The Stoneybrook Foundation proudly announces the hiring of Tonia R. Richardson as it’s Executive Director, to guide and lead the organization into its next period of growth and expansion. Richardson will operate from the organization’s Stoneybrook Foundation Therapeutic Riding Center in Acme, PA, that provides its community of riders, students and patients a wide range of equine-facilitated therapies and services.
Founded in 2008 by John and Deborah McCain, celebrating its 10-year anniversary this year, the Foundation has grown considerably from humble beginnings, when it started with only 3 horses, a volunteer staff, and 20 students. Today, the steadily expanding center employs 10 staff members, has 15 horses, 6 owned and another 9 free leases, and provides nearly 2,000 therapeutic riding lessons, across a wide variety of rider challenges and conditions, each year, with a waiting list of nearly 100 more riders who await program availability.
Stoneybrook Foundation’s mission is to improve the lives of children and adults who face mental, intellectual, or physical conditions and/or special challenges in a therapeutic partnership with horses through therapy, education, sport and recreation/leisure. The organization’s riders range from ages 4-92 and include a diverse group of people that includes all sexes, orientations, ethnicities, backgrounds, abilities, and interests. Each rider receives a custom program, designed to meet his/her highly individualized needs, that include a selection of focused physical, cognitive, social or emotional goals.
“The inclusion of Tonia Richardson to our leadership team is a very exciting next step for the Board, as we have such great confidence in her talents to drive the center’s operations and as a partner to us,” said Suzanne Ward, chair of Stoneybrook’s Board of Directors. “She has amazing passion, dedication, a high level of energy, and an ideal background to understand our families, our staff, and our strategy. She’ll achieve her goals, help us target new ones, and be a strong source of support, to ensure that the rest of us we do, as well.”
Richardson grew up on farms in northern Virginia and central West Virginia and is well-acquainted with what’s required in terms of commitment and dedication to run a farm. Additionally, she’s spent the last 18 years working in the non-profit sector, including leadership roles with both Pressley Ridge and Adelphoi where she worked directly with children dealing with behavioral emotional issues and/or autism, so her background is very uniquely matched for the qualifications the organization sought in the executive director role.
Richardson earned her bachelor’s degree in Family Studies and Education at Seton Hill University and her master’s degree in Education Administration at California University of Pennsylvania.
“I’ll focus to ensure that our central operations are of the highest quality and our program offering continually evolves and adapts to meet the needs of our growing and changing constituency base,” Richardson said. “I’ll also play a key role to fortify our business back office to ensure that our administrative functions, such as financial, grant, record, and data management, along with their corresponding technology, scale to support that evolution.”
Leading the Center administration is only a part of Richardson’s role; a larger part of her focus will be on raising awareness of the organization, raising funds to help move those on the waiting list to the active student roster, and raising capital investments for the physical facility.

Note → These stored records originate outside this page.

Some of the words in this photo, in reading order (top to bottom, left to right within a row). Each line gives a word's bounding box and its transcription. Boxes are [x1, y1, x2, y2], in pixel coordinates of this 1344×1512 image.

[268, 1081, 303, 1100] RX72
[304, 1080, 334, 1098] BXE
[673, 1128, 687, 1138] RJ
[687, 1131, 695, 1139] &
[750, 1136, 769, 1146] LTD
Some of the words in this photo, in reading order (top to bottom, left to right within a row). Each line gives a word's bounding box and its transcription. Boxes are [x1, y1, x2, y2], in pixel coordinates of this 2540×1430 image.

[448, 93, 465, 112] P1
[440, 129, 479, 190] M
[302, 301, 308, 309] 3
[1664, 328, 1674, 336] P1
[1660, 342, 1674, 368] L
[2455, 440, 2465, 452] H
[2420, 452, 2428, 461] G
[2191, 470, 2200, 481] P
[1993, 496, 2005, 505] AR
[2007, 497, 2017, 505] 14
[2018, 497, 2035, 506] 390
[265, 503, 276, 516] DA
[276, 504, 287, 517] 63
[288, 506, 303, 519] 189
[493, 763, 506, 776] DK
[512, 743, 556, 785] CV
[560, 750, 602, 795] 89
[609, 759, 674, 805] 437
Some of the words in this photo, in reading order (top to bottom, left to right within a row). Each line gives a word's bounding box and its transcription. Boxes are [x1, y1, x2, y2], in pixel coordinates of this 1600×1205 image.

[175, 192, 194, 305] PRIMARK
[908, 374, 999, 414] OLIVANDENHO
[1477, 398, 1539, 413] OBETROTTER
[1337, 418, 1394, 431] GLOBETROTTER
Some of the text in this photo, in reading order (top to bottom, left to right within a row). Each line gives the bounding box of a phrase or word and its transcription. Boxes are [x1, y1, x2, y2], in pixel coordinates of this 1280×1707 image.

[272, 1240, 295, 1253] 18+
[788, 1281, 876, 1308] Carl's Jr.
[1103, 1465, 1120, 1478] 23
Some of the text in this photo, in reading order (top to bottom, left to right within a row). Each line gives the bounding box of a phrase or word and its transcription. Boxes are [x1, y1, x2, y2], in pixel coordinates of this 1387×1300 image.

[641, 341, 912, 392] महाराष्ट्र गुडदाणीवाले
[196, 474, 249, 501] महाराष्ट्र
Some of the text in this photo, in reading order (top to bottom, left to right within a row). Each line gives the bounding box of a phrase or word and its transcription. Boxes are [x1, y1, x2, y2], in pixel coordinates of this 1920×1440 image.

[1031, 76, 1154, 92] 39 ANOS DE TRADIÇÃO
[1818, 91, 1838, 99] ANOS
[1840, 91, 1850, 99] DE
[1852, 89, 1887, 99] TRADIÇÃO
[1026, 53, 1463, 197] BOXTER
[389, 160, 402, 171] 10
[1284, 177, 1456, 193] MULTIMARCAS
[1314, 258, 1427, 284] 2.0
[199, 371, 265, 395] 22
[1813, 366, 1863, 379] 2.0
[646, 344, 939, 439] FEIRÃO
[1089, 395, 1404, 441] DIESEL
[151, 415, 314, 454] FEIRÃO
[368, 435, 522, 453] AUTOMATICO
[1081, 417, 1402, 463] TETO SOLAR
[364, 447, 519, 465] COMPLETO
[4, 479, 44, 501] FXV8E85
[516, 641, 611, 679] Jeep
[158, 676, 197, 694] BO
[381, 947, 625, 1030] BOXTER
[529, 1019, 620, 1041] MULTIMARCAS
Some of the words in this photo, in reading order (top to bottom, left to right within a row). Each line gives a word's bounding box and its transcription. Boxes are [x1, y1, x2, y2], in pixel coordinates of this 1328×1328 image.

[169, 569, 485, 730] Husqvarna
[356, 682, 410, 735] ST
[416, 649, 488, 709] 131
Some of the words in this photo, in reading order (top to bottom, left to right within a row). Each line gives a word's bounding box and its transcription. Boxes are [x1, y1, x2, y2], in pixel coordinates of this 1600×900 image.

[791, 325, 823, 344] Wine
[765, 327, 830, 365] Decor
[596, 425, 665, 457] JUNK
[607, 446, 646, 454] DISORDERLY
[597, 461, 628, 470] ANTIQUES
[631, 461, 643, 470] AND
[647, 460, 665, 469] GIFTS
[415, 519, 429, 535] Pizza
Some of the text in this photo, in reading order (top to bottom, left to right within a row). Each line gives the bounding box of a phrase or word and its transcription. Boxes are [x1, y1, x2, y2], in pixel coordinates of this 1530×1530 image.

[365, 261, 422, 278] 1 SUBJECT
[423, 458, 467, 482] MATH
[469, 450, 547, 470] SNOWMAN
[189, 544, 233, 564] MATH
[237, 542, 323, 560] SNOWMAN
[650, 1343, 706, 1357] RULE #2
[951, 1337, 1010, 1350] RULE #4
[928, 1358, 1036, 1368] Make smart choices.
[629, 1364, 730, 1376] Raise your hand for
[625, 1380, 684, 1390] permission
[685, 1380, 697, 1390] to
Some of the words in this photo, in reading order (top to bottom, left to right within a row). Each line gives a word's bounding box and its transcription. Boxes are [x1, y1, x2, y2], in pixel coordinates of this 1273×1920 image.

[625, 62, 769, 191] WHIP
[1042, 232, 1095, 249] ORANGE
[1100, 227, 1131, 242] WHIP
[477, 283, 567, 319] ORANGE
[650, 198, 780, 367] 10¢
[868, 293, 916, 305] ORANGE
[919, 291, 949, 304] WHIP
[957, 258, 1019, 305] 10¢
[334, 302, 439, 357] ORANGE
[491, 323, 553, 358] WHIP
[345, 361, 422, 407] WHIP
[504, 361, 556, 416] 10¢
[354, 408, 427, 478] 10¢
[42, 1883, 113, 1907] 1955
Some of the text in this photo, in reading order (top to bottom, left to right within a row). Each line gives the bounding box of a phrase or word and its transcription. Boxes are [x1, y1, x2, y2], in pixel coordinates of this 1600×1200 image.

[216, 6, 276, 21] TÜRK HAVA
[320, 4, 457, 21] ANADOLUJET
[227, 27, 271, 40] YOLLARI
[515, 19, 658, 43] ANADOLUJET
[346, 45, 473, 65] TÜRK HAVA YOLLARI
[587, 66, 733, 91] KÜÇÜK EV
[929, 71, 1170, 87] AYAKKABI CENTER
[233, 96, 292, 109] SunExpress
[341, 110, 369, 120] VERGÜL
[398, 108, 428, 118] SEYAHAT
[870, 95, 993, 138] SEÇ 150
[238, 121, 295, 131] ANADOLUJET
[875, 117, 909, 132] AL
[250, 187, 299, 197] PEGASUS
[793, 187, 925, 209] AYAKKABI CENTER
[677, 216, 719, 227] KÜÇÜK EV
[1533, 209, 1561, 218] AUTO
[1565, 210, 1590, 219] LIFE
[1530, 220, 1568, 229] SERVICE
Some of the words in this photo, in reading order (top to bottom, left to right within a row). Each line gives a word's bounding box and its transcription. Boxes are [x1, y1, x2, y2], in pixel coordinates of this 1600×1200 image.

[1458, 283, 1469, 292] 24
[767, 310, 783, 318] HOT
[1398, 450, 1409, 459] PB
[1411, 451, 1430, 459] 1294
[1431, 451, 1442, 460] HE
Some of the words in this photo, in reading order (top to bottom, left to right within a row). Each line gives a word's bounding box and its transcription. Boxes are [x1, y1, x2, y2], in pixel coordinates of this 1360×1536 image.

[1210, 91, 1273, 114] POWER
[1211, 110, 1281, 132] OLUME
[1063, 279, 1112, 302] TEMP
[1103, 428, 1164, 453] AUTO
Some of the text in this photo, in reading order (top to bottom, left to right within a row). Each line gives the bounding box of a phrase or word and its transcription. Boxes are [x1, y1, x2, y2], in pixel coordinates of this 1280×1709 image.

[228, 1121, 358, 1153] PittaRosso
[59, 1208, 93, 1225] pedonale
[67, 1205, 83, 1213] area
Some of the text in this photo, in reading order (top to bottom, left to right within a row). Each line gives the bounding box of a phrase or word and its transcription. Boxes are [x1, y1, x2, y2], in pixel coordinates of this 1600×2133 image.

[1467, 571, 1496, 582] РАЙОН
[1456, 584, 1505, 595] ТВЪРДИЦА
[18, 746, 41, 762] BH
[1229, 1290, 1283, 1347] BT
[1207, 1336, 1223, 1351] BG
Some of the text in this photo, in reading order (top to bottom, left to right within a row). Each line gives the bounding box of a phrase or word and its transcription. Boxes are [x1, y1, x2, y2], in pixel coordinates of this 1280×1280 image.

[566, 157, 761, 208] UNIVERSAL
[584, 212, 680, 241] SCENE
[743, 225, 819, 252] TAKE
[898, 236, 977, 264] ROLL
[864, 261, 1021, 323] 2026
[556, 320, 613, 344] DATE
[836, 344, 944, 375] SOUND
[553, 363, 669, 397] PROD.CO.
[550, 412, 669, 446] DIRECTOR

Additionally, as the most active ‘face’ of the organization, Richardson will spend a great deal of time in the community, as both educator and advocate for their student base, to create awareness of the Stoneybrook organization and ensure that their services are known, accessible, and available to those in need of them. Not an easy job when non-profit fundraising is highly competitive and so many organizations are seeking the dollars they need to survive.
Richardson will work to expand the volunteer base, as many of the lessons require 1-3 volunteers to assist and ensure the safety of the rider during the lesson, depending upon the challenges the specific rider faces. The organization welcomes volunteers and/or interns who want to work with students, with horses, with the facility, or with the administrative team. Training is provided and learning is encouraged, as volunteers have the opportunity to choose to advance from one area to the next and possibly even consider becoming a formal Path, International certified instructor, as part of staff. Path, International, is the accrediting body that ensures that both their facility and every student receive the highest possible quality experience available. Three of Stoneybrook’s staff instructors are certified through PATH International.
“Now that I’m settled, I plan to be a very active presence in the community to drive awareness, support, engagement and investment in our mission,” she said. “One of our greatest challenges, aside from funding, is awareness – there are many people who see our center, but don’t realize what we offer. Once they do, they are immediately interested and generally extend help, in whatever way they are able. Our Board is very active and works hard to help produce the much-needed funding to expand our mission; I’ll work closely with them to ensure that we have the tight alignment and flawless execution needed to deliver on plan.”
“We hit our 10-year mark this year, with consistent growth year over year, and that’s significant for a non-profit,” she said. “The demand for our programming continues to grow with funding being our largest obstacle to expanding capacity, as the insurance companies do not yet cover Therapeutic Riding, despite the extensive and growing science to support it.”